Maladie dite « polymorphe » d'expressions variées, le lupus systémique peut aussi « mimer » d'autres maladies comme la sclérose en plaques lorsque son atteinte devient neurologique, ou mimer des maladies organiques lorsqu'il est localisé sur un organe ou un système.

À noter qu'il a été constaté que les patients souffrant du LES sont souvent atteints d'insuffisances touchant les organes du système endocrinien pendant une poussée. Enfin, la poussée lupique peut être accompagnée de neuropathies optiques (soit simultanées, soit postérieures), comme dans les cas de sclérose en plaques, maladie avec laquelle elle partage un certain nombre de symptômes dans sa forme neurologique, caractérisée par l'apparition de lésions cérébrales démyélinisantes (la gaine des nerfs est attaquée), de formes ovoïdes et en position périventriculaire.

Traitement

La prise en charge du lupus a fait l'objet de la publication de s. Celles de l'« European Alliance of Associations for Rheumatology » datent de 2023[25].

La molécule de référence est l'hydroxychloroquine (Plaquenil), avec une action anti-inflammatoire et antalgique[26]. Il permet une réduction de moitié de la mortalité[27]. Son principal effet indésirable est sa toxicité oculaire (maculopathie en œil de bœuf avec dyschromatopsie bleu-jaune), ce qui la contre-indique en cas de rétinopathie.
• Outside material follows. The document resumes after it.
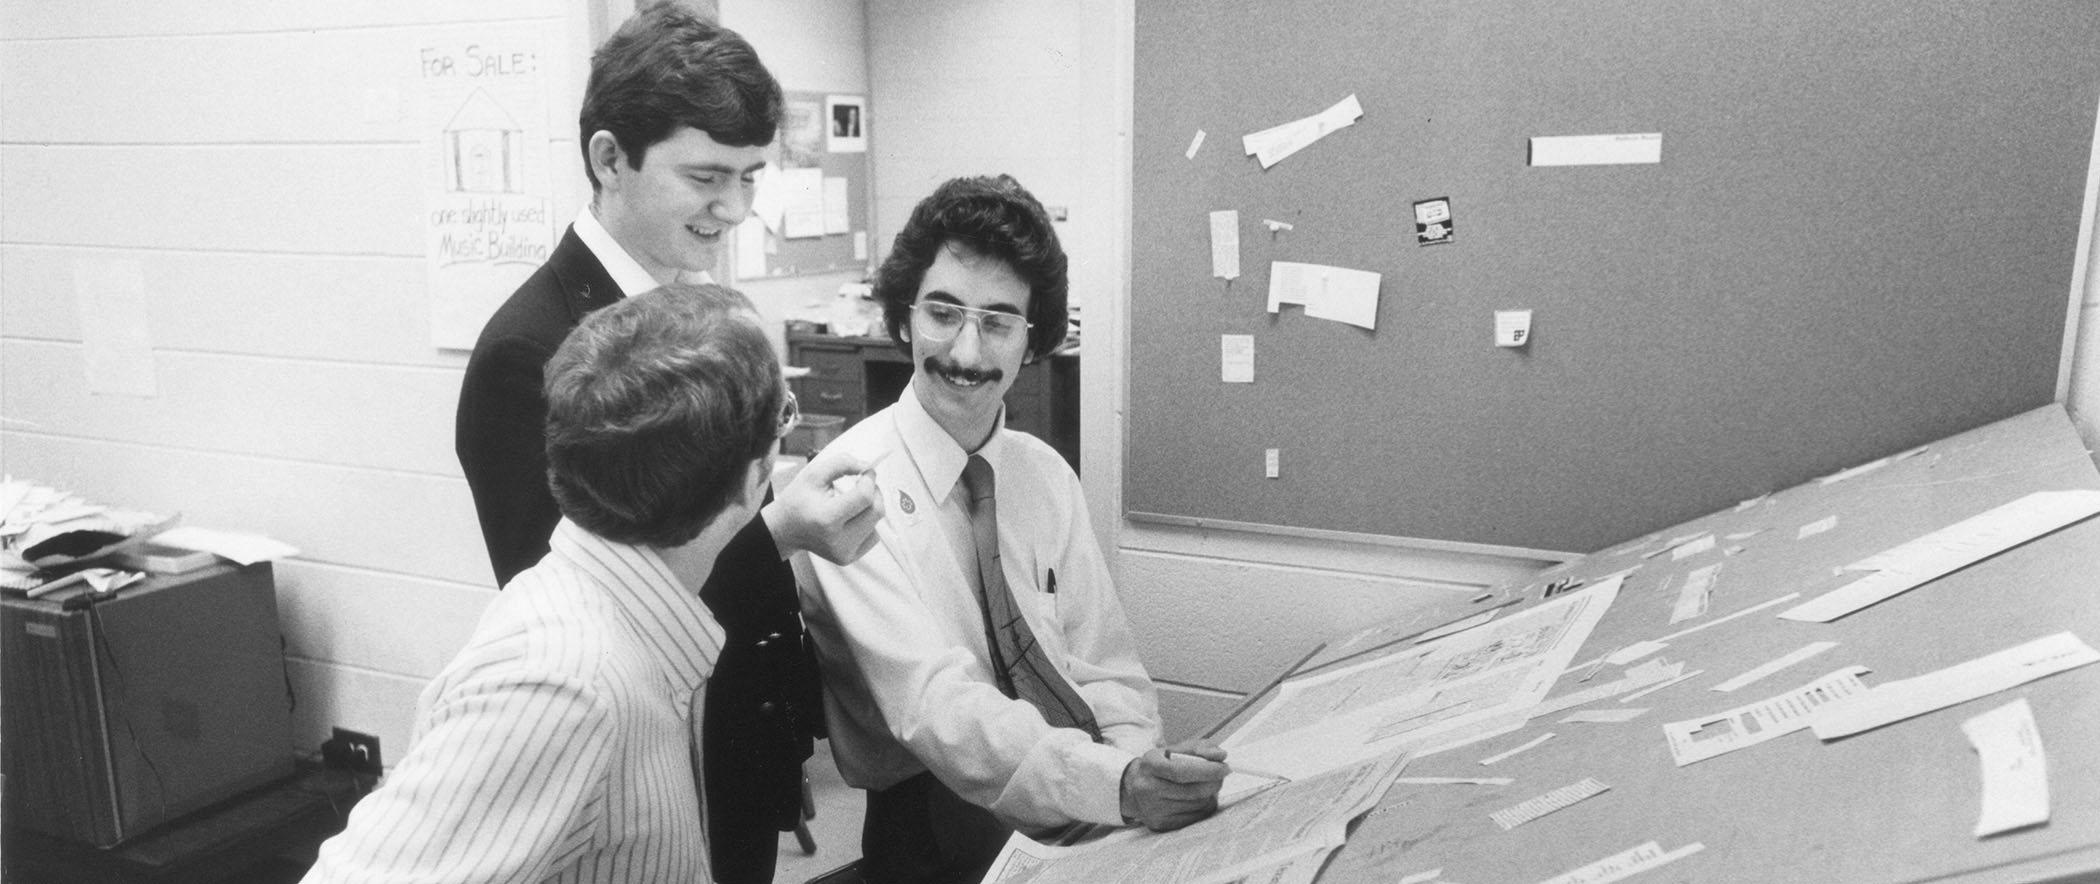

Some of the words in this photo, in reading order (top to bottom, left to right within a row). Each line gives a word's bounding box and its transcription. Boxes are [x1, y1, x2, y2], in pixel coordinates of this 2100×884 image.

Cet effet secondaire est toutefois rares, n'atteignant que 2 % de la population traitée pendant plus de 10 ans[28].

Les glucocorticoïdes sont utilisés dans les formes viscérales, puis divers immunosuppresseurs, dont le rituximab[29], anticorps monoclonal anti-lymphocyte B, permettant de réduire l'utilisation des corticoïdes.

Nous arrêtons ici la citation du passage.